**WHAT THE TASK REQUIRES:** Transcribe nothing but the lines from the one with "this 1280×1707 image." to the end of the entries, both included, keeping each exact and leaving every picture out.

↓↓↓

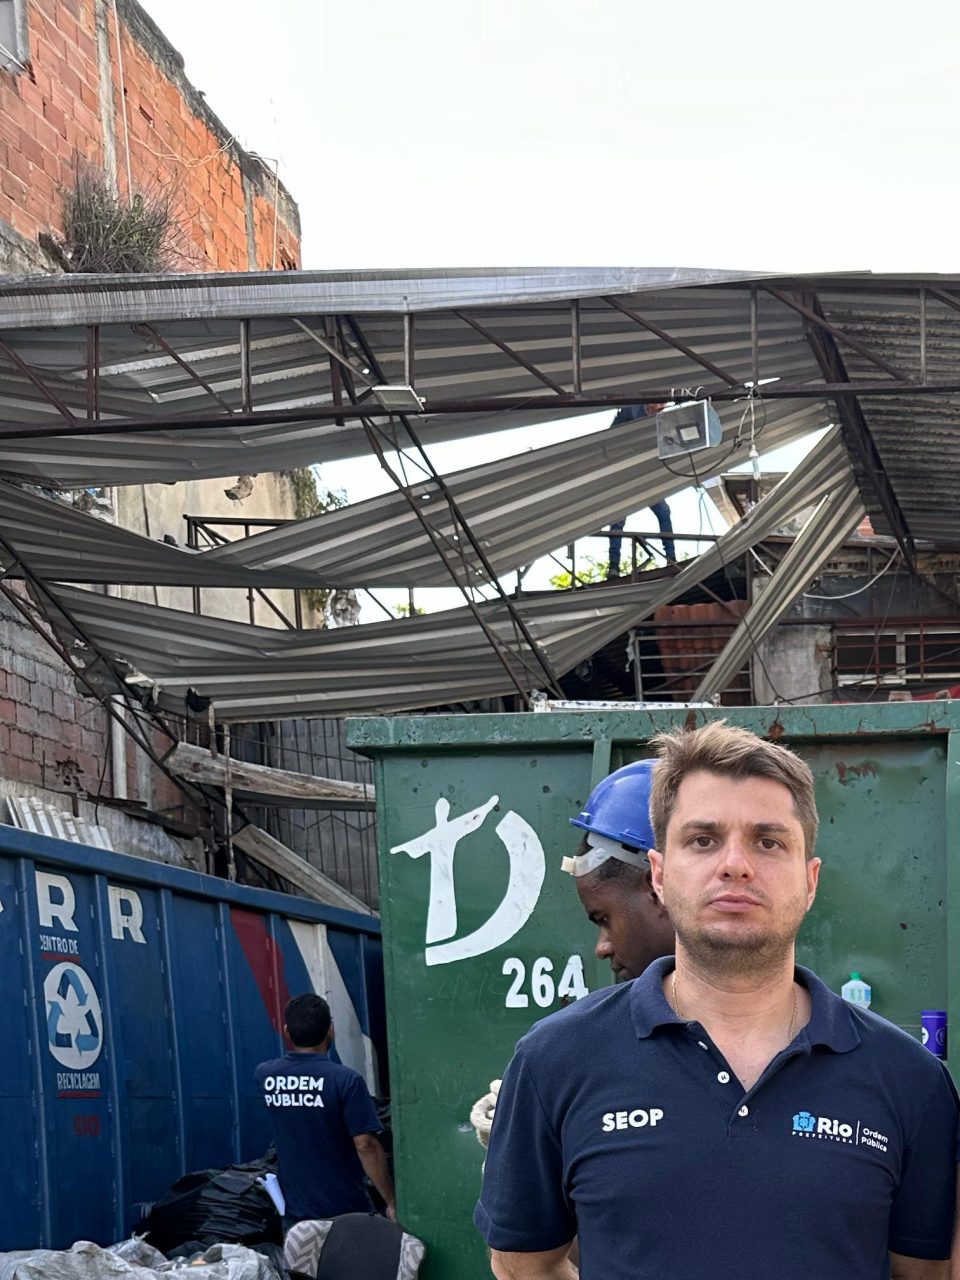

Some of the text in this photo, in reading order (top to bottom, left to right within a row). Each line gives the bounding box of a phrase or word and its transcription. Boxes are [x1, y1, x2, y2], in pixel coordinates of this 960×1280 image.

[69, 939, 79, 955] DE
[502, 954, 589, 1008] 264
[264, 1075, 324, 1091] ORDEM
[264, 1091, 325, 1108] PÚBLICA
[601, 1108, 664, 1132] SEOP
[817, 1117, 853, 1137] Rio
[792, 1131, 853, 1144] PREFEITURA
[862, 1127, 889, 1143] Ordem
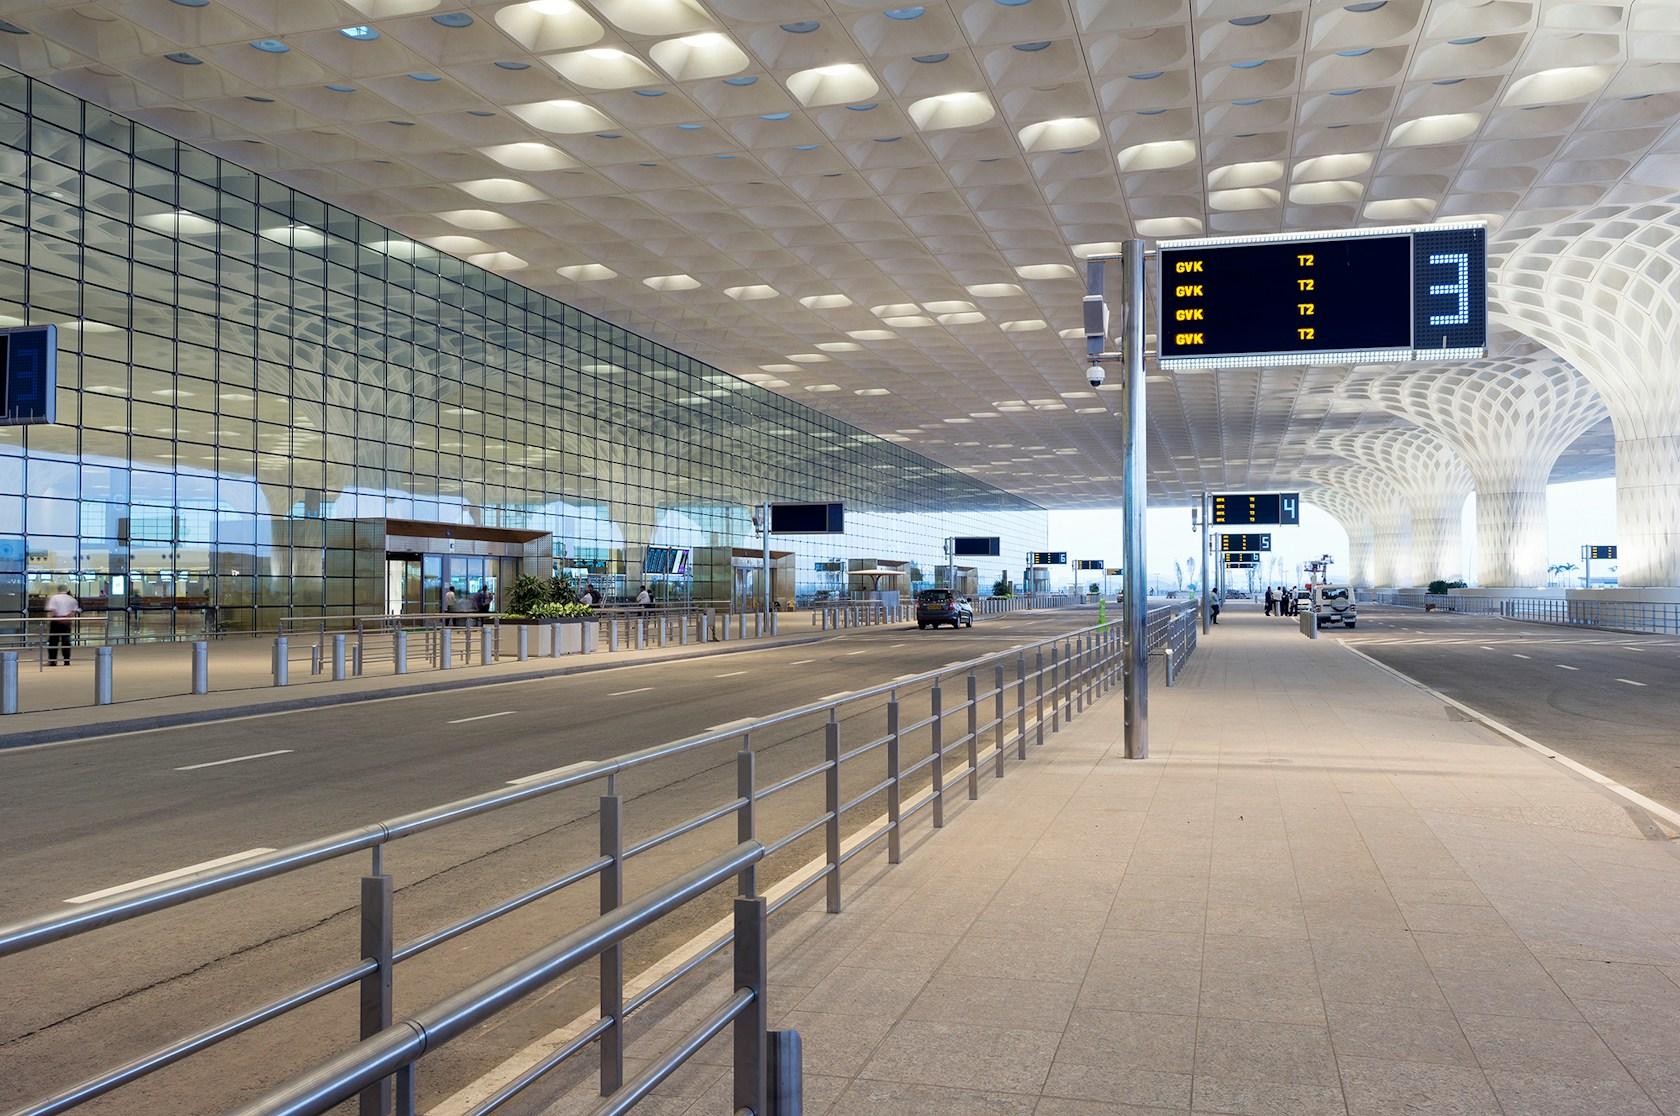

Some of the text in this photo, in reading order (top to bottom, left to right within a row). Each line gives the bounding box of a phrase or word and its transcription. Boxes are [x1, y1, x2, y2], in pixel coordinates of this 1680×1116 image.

[1176, 255, 1314, 273] GVK T2
[1176, 279, 1314, 297] GVK T2
[1429, 253, 1469, 326] 3
[1176, 304, 1314, 321] GVK T2
[1176, 328, 1314, 345] GVK T2
[1284, 499, 1295, 518] 4
[1262, 536, 1269, 549] 5
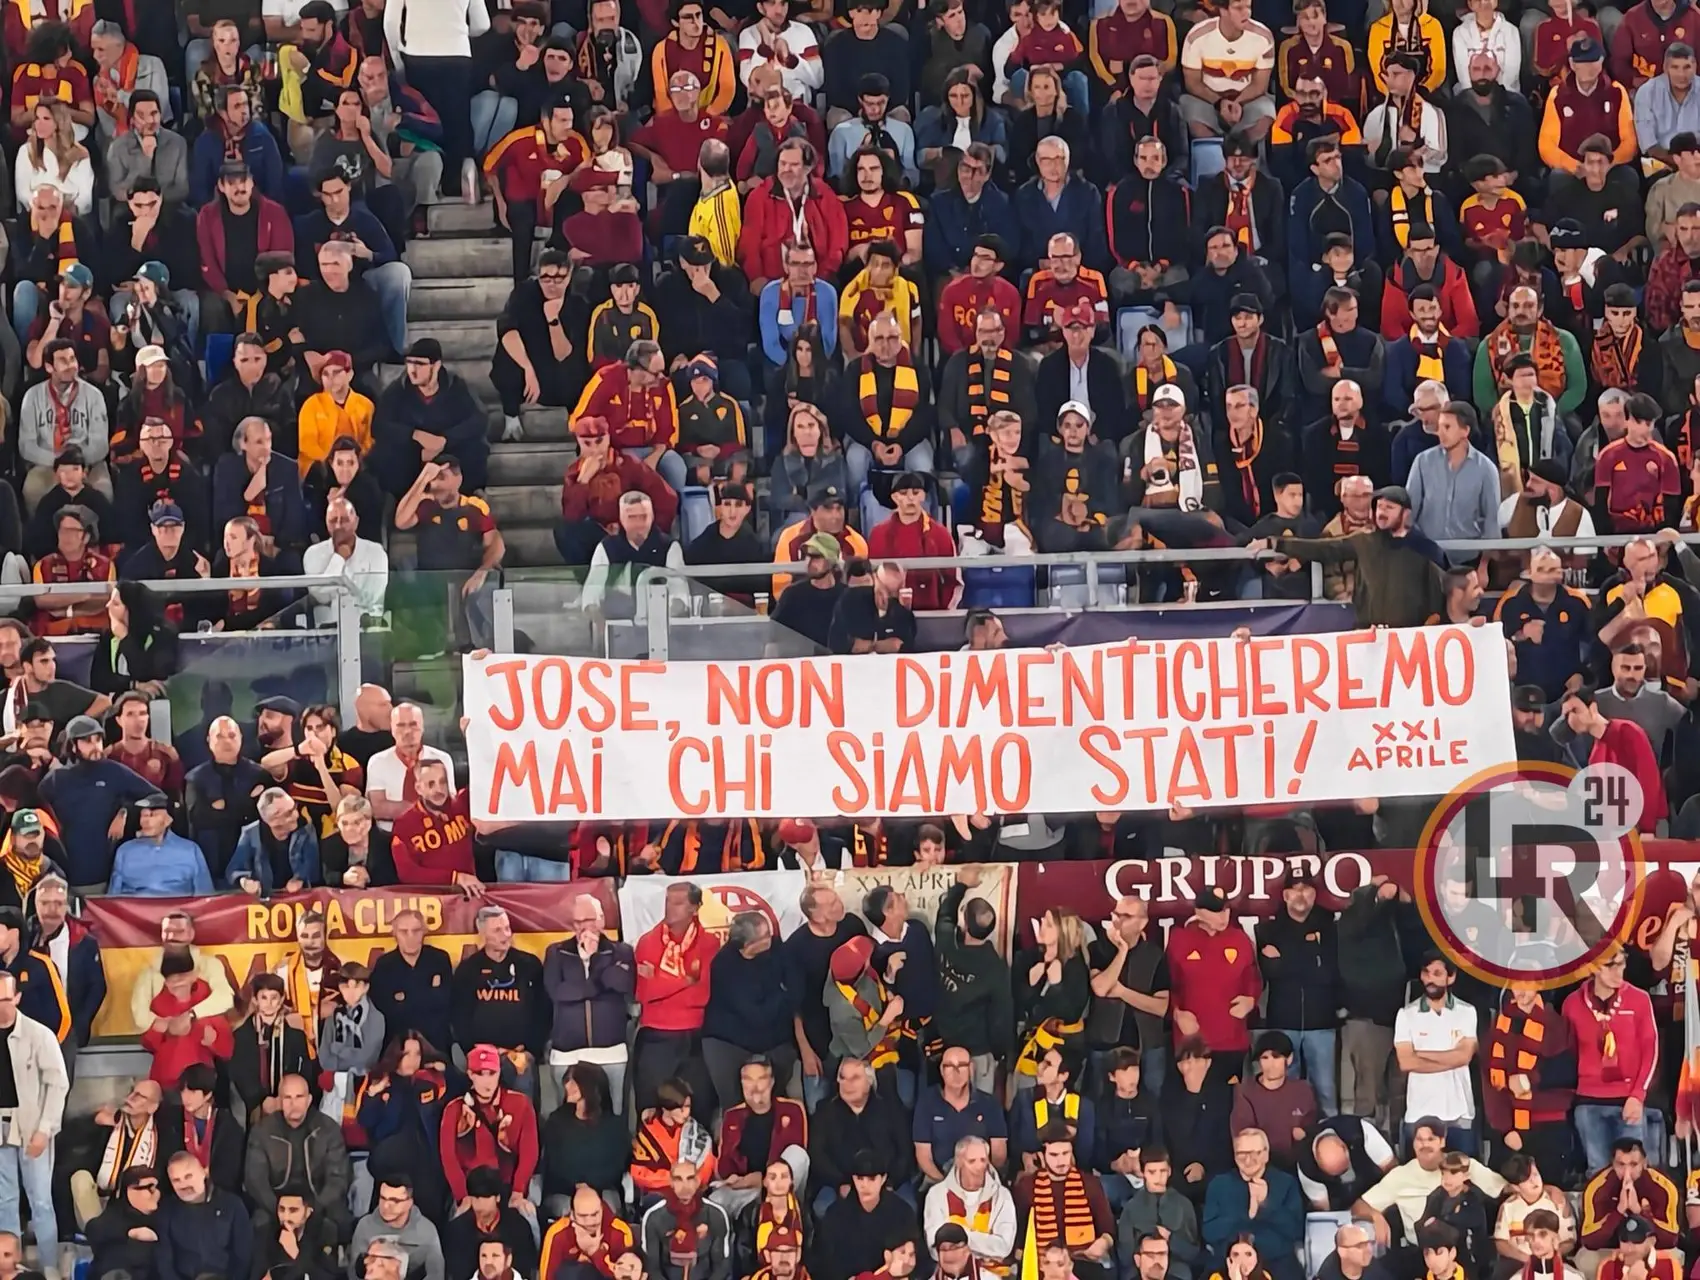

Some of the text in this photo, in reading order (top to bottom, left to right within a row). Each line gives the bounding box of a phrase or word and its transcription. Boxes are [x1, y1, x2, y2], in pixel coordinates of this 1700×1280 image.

[706, 658, 845, 730] NON
[1373, 717, 1441, 747] XXI
[1347, 735, 1469, 771] APRILE
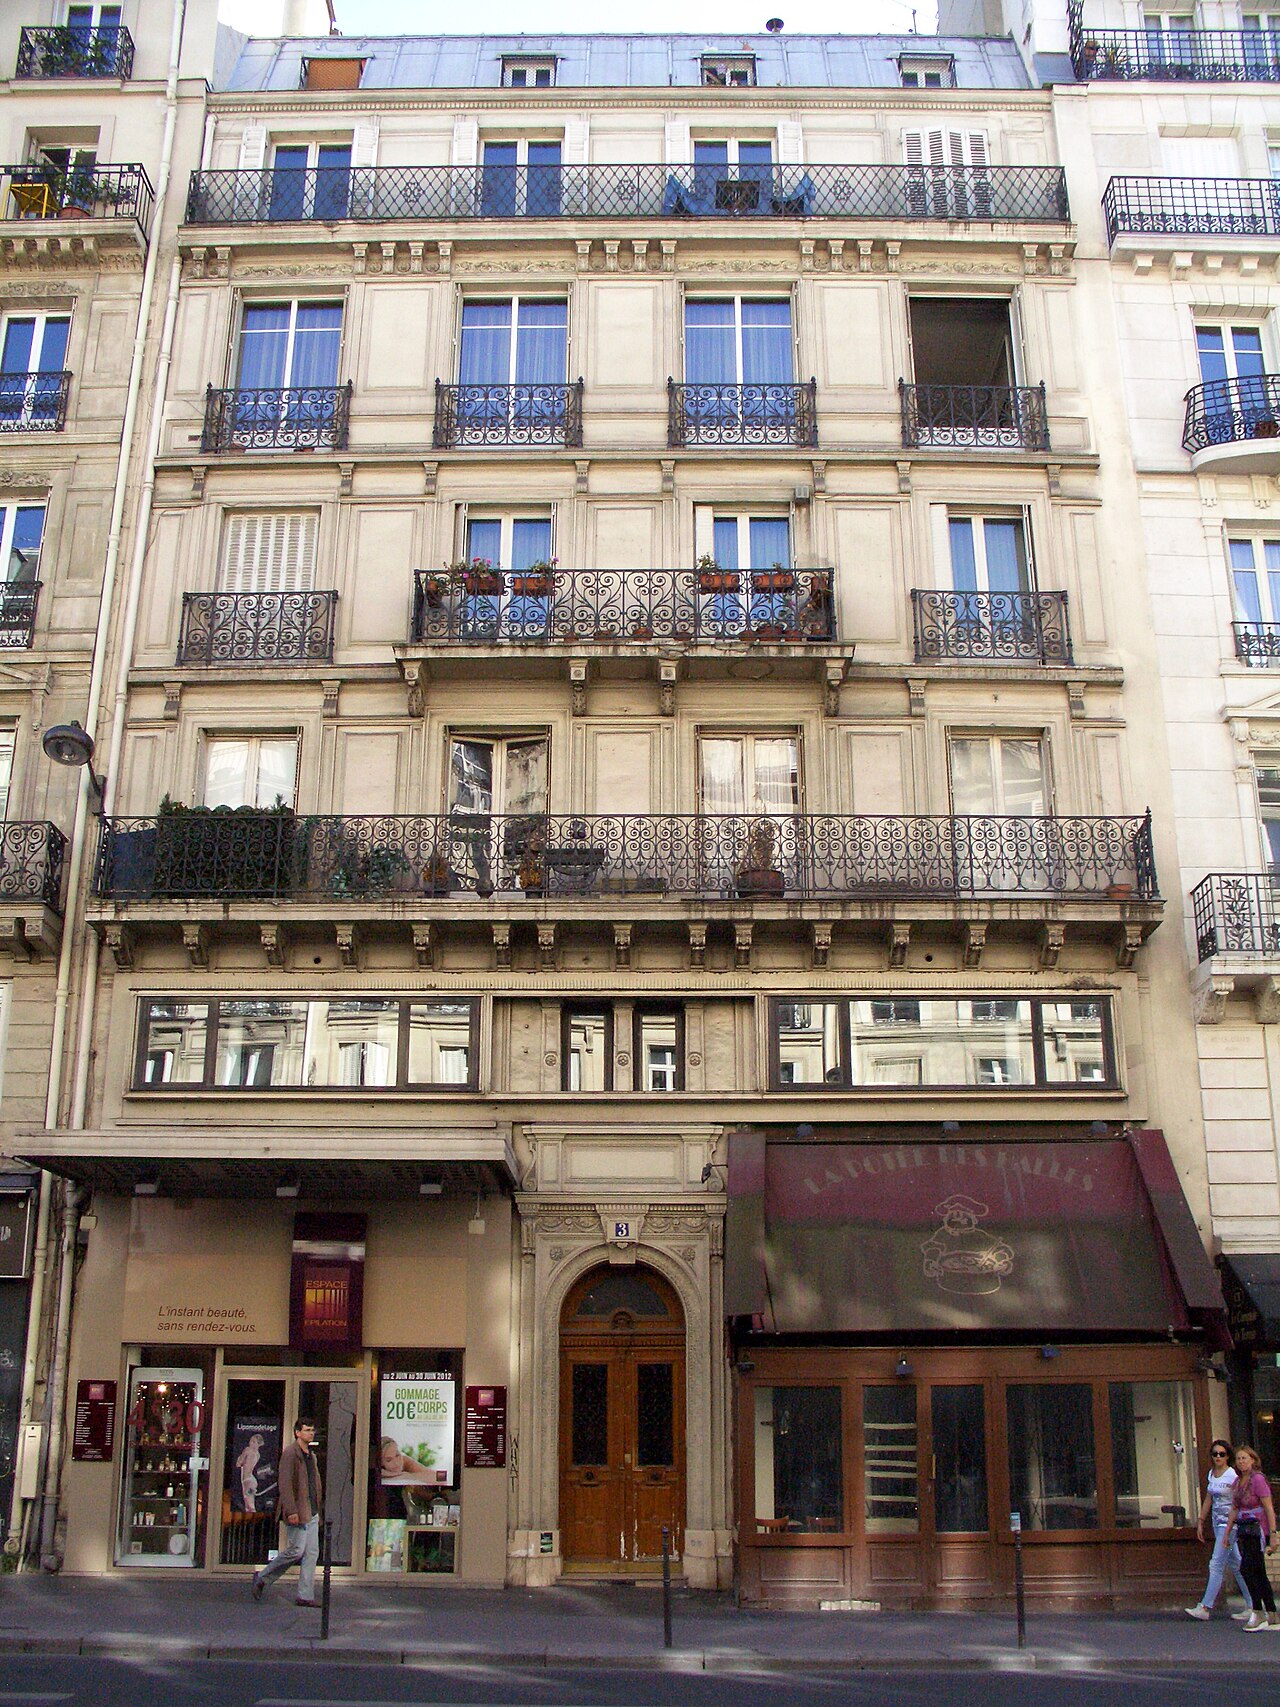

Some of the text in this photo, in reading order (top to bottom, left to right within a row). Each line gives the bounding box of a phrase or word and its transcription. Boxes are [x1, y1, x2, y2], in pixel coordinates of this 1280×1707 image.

[618, 1223, 627, 1237] 3
[306, 1280, 348, 1289] ESPACE
[158, 1305, 247, 1320] L'instant beauté,
[157, 1321, 257, 1333] sans rendez-vous.
[437, 1372, 452, 1380] 2012
[395, 1388, 440, 1400] GOMMAGE
[417, 1401, 448, 1414] CORPS
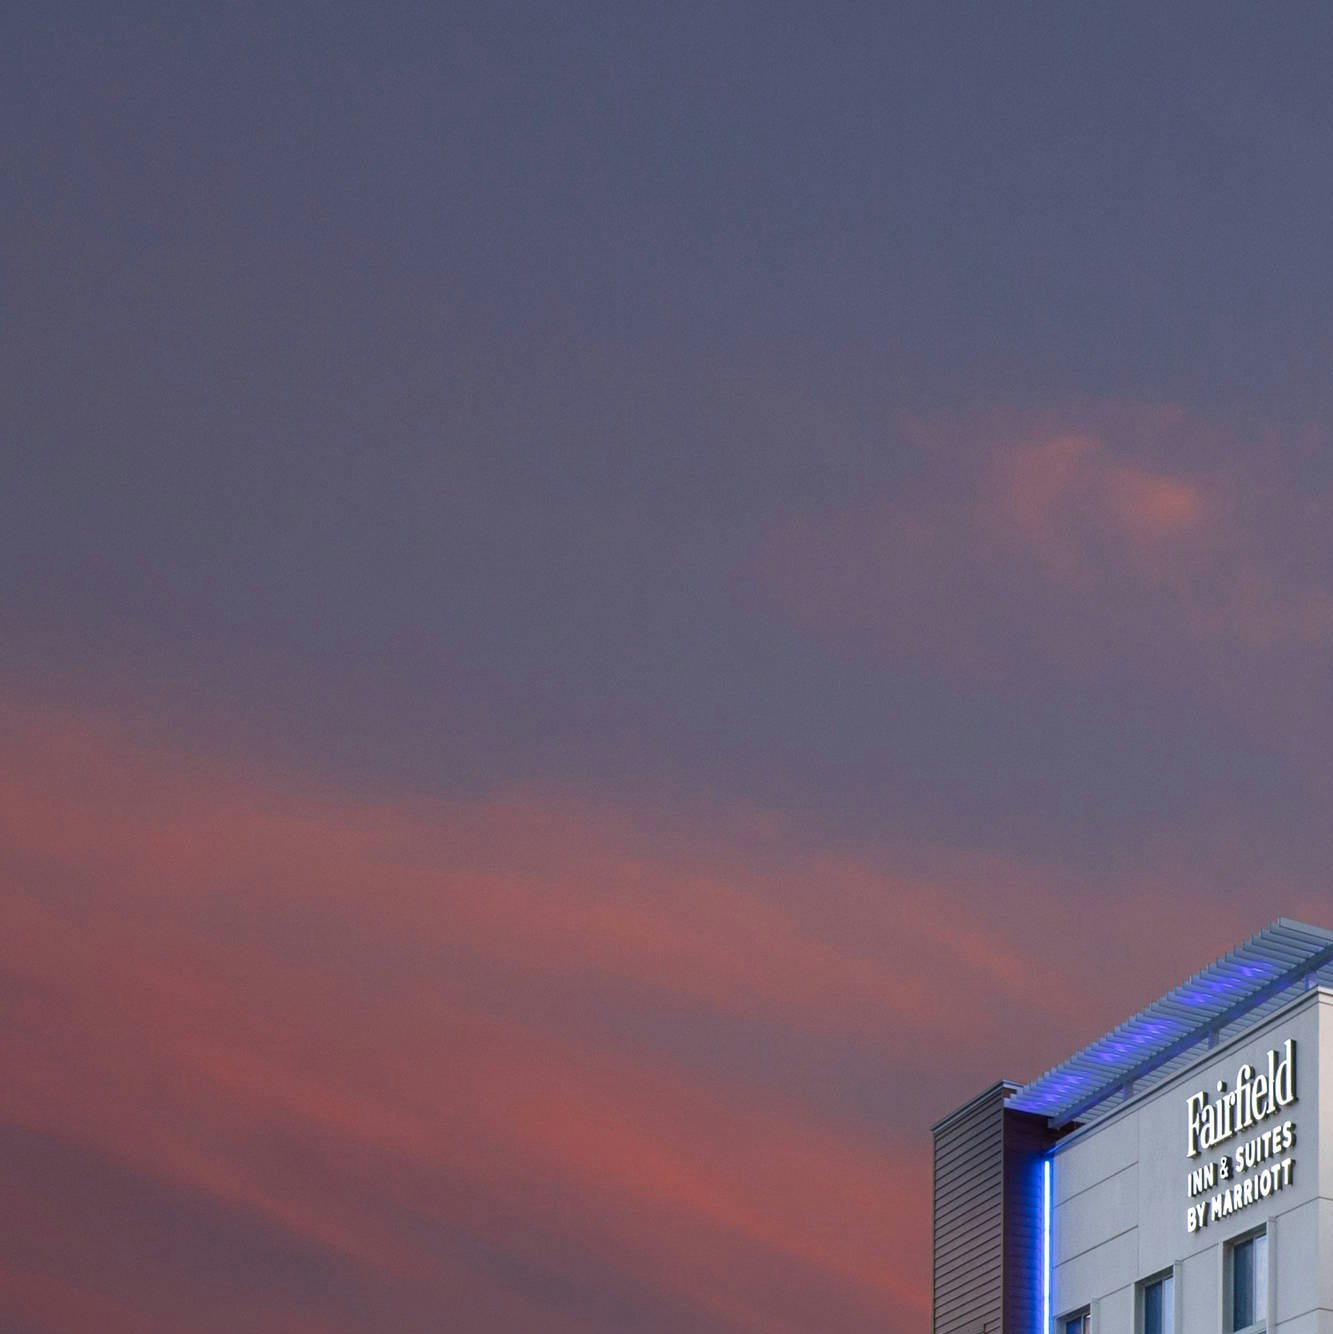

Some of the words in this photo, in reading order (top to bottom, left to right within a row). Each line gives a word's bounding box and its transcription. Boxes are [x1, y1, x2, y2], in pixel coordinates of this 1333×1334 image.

↑↑↑

**EXERCISE SOLUTION:**
Some of the text in this photo, in reading order (top to bottom, left to right within a row). Each line gives the bounding box of a phrase or word and its transcription. Boxes are [x1, y1, x2, y2], in pixel coordinates of this 1280×1707 image.

[618, 1223, 627, 1237] 3
[306, 1280, 348, 1289] ESPACE
[158, 1305, 247, 1320] L'instant beauté,
[157, 1321, 257, 1333] sans rendez-vous.
[437, 1372, 452, 1380] 2012
[395, 1388, 440, 1400] GOMMAGE
[417, 1401, 448, 1414] CORPS

Some of the words in this photo, in reading order (top to bottom, left to right within a row). Each line gives a word's bounding box and its transcription. Boxes are [x1, y1, x2, y2], in pixel coordinates of this 1333×1334 image.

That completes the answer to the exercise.